[Records excerpted from a collection]
┌────────

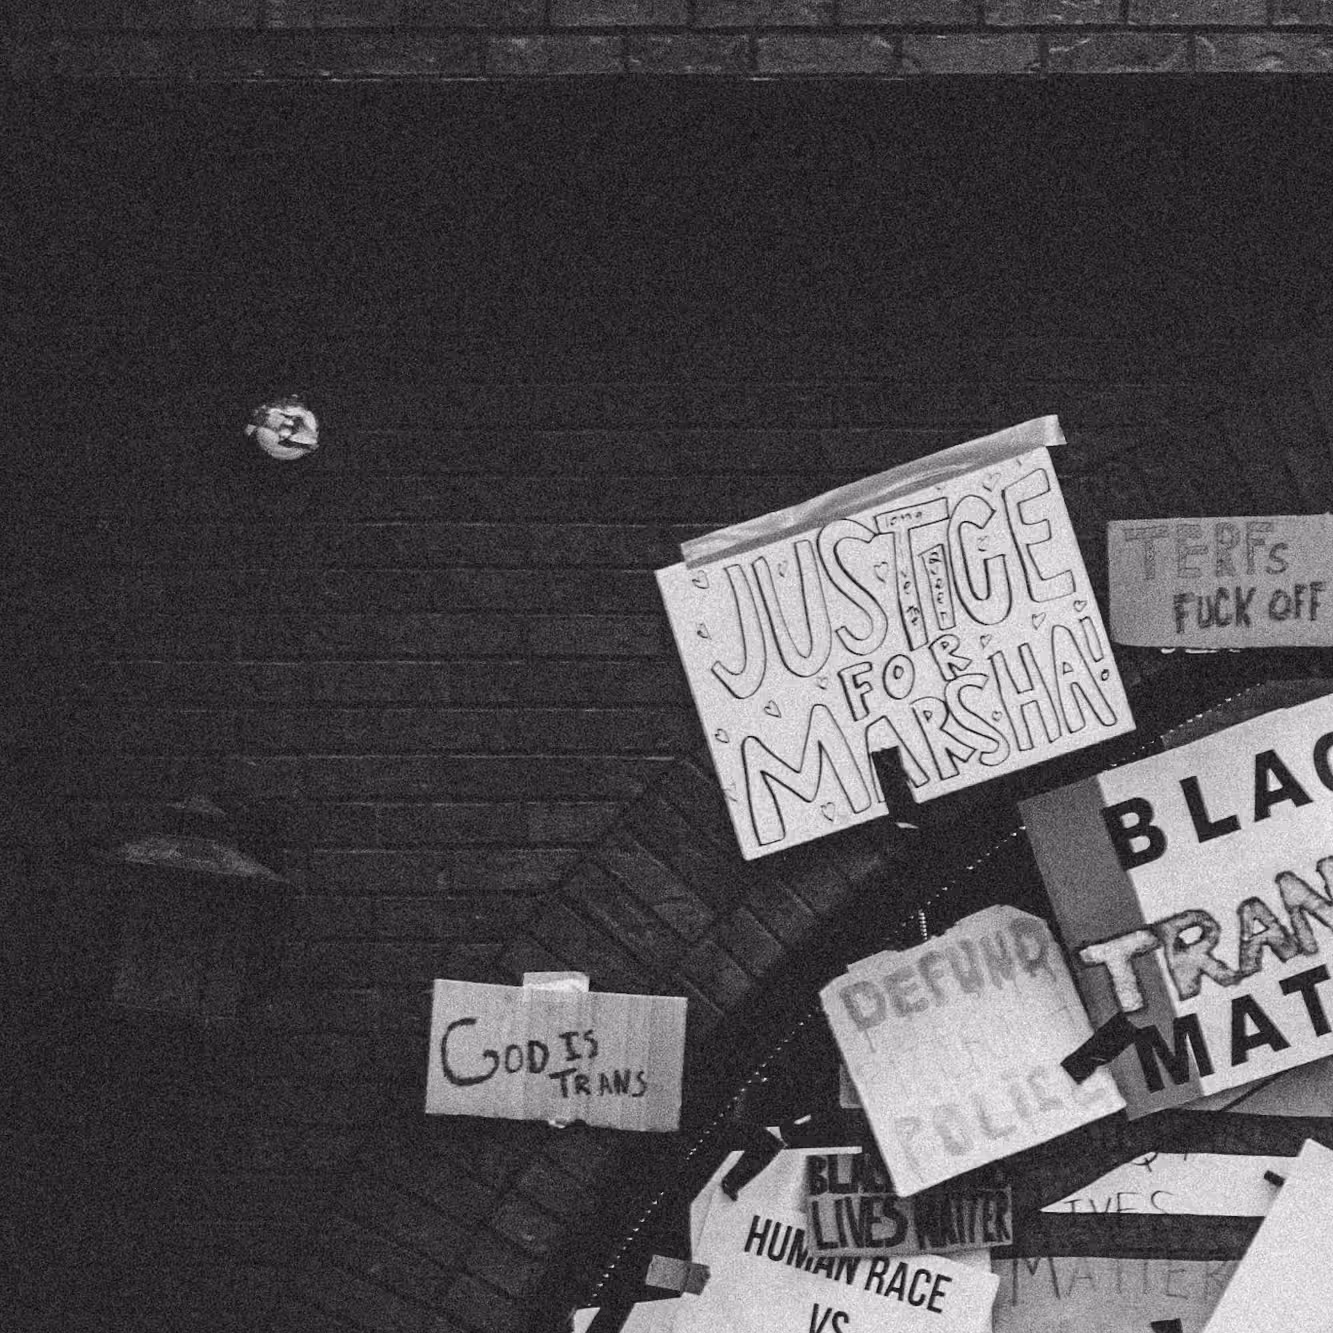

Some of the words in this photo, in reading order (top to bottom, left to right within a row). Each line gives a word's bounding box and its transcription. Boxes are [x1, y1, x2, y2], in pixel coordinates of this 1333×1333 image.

[711, 468, 1077, 700] JUSTICE
[1124, 522, 1288, 580] TERFS
[1174, 587, 1256, 634] FUCK
[1268, 581, 1325, 621] OFF
[838, 634, 971, 721] FOR
[740, 617, 1117, 846] MARSHA!
[840, 917, 1050, 1033] DEFUND
[550, 1068, 648, 1098] TRANS
[559, 1029, 598, 1061] IS
[744, 1215, 860, 1286] HUMAN
[865, 1255, 952, 1315] RACE

└────────

> Description of the task
Output all entries unchanged; skip the pictures.

> Exercise response
Some of the words in this photo, in reading order (top to bottom, left to right within a row). Each line gives a word's bounding box and its transcription. Boxes are [x1, y1, x2, y2], in pixel coordinates of this 1333×1333 image.

[711, 468, 1077, 700] JUSTICE
[1124, 522, 1288, 580] TERFS
[1174, 587, 1256, 634] FUCK
[1268, 581, 1325, 621] OFF
[838, 634, 971, 721] FOR
[740, 617, 1117, 846] MARSHA!
[840, 917, 1050, 1033] DEFUND
[550, 1068, 648, 1098] TRANS
[559, 1029, 598, 1061] IS
[744, 1215, 860, 1286] HUMAN
[865, 1255, 952, 1315] RACE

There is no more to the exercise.